National Shrine of the Martyr of Bishop Velychkovsky is located inside St. Joseph’s Ukrainian Catholic Church, 250 Jefferson Ave.

Open 10 a.m. to 5 p.m. Tuesday to Friday, 10 a.m. to 1 p.m. Saturday and Sunday.

Holy Rosary for Peace in Ukraine, 1:30 p.m. Wednesday

“It’s a very peaceful place. We found that people wanted to hang out here,” says Mary Jane Kalenchuk, one of many people who run Bishop Velychkovsky’s National Martyrs’ Shrine, located in an annex of St. Joseph’s Ukrainian Catholic Church.

Located just steps from Main Street, the shrine – and its accompanying museum – honors the life and ministry of Ukrainian Catholic Bishop Vasyl Velychkovsky, and also documents his persecution, torture and death. He died in Winnipeg in 1973 at the age of 70 after being exiled from Ukraine the previous year.

Since the Russian military invasion of Ukraine on February 24, the shrine has held a special Rosary for Peace prayer services at 1:30 p.m. every Wednesday afternoon at the Jefferson Avenue Church, providing a venue Ukrainians to come together as they pray for their homeland.
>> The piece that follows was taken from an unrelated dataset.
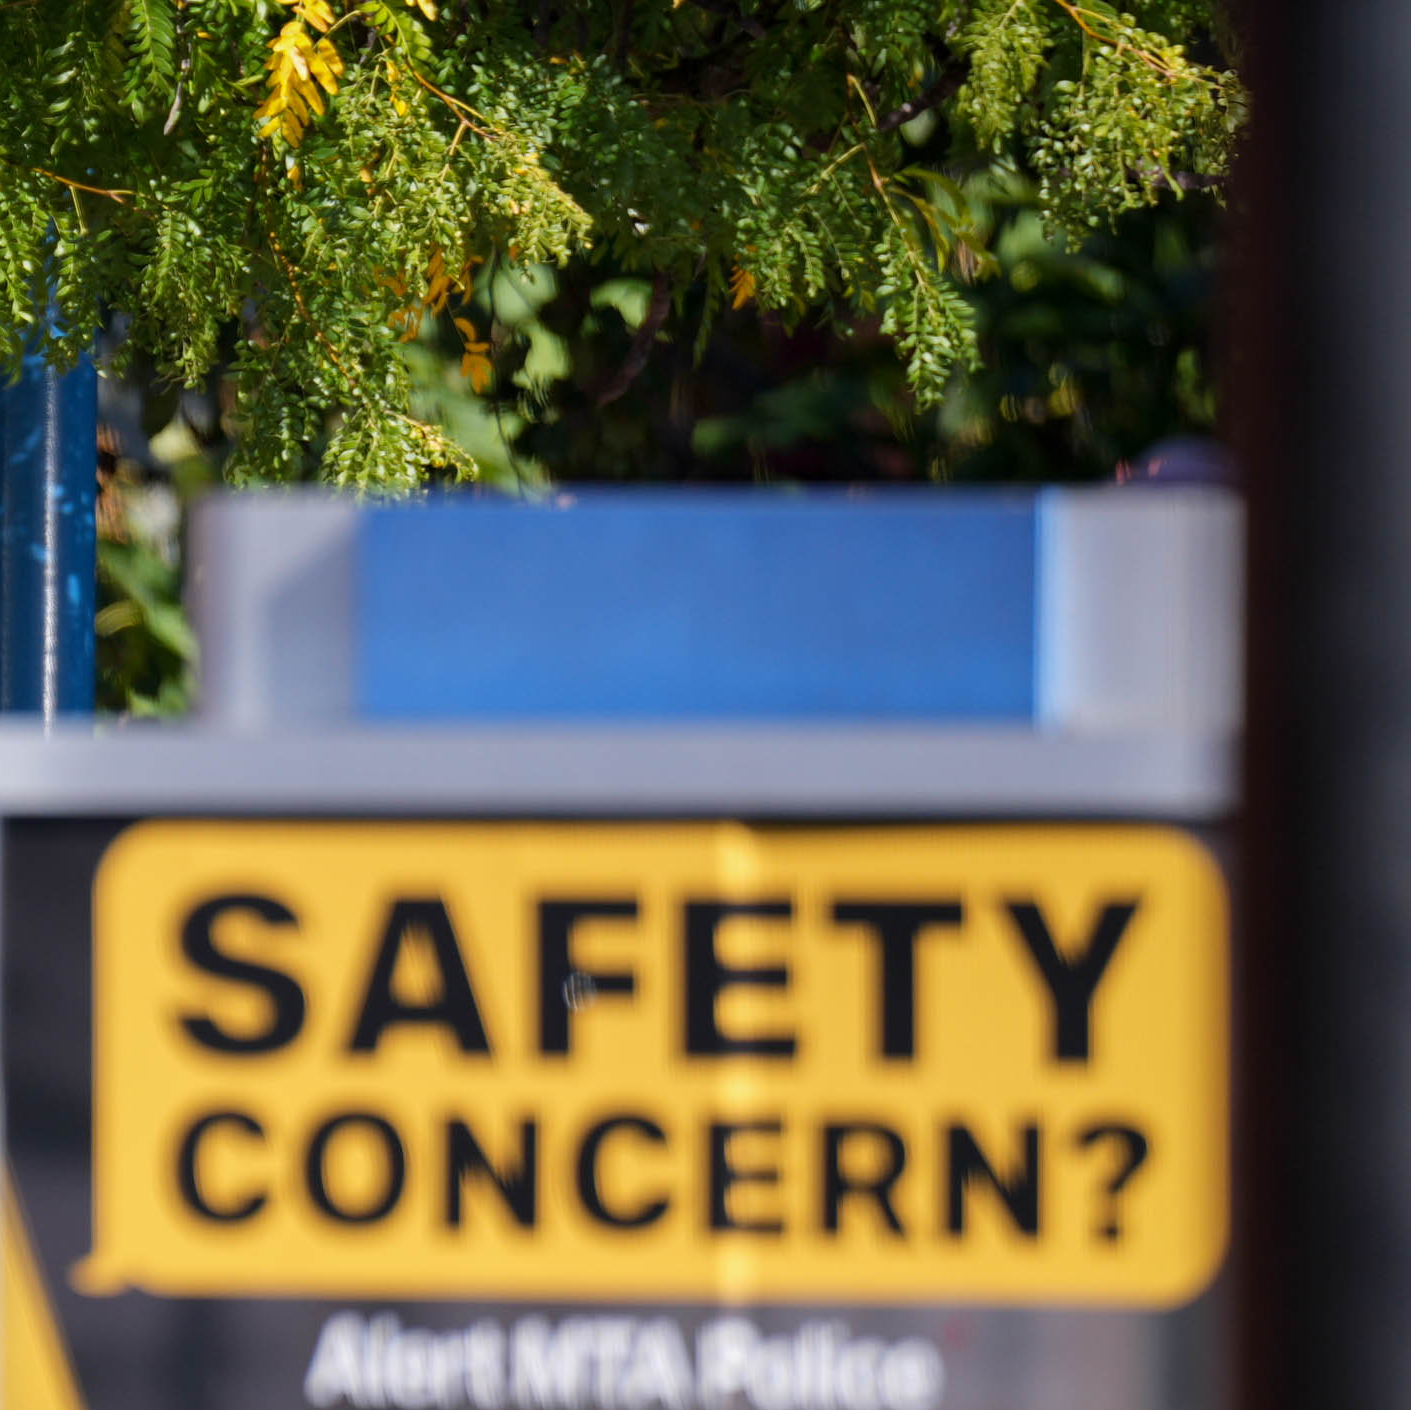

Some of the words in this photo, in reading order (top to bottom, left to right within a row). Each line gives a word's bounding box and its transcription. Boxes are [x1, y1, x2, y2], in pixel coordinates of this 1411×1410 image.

“A couple told me that coming together to pray made it bearable,” says shrine director Reverend John Sianchuk, explaining why people attend the hour-long service.

“That’s one thing we can do.”

Before February, Velychkovsky’s story was seen mostly through a historical lens, Sianchuk says, but now people are recognizing parallels to the current situation in Ukraine, as the country is bombarded by the Russian military and the freedoms of Ukrainian citizens are threatened.

“For me, it’s like an echo. We’ve been talking about it for 20 years here, about the persecution of Ukrainian Catholics and (other) people of faith by the Soviets,” says Sianchuk, a member of the same Redemptorist order as Velychkovsky.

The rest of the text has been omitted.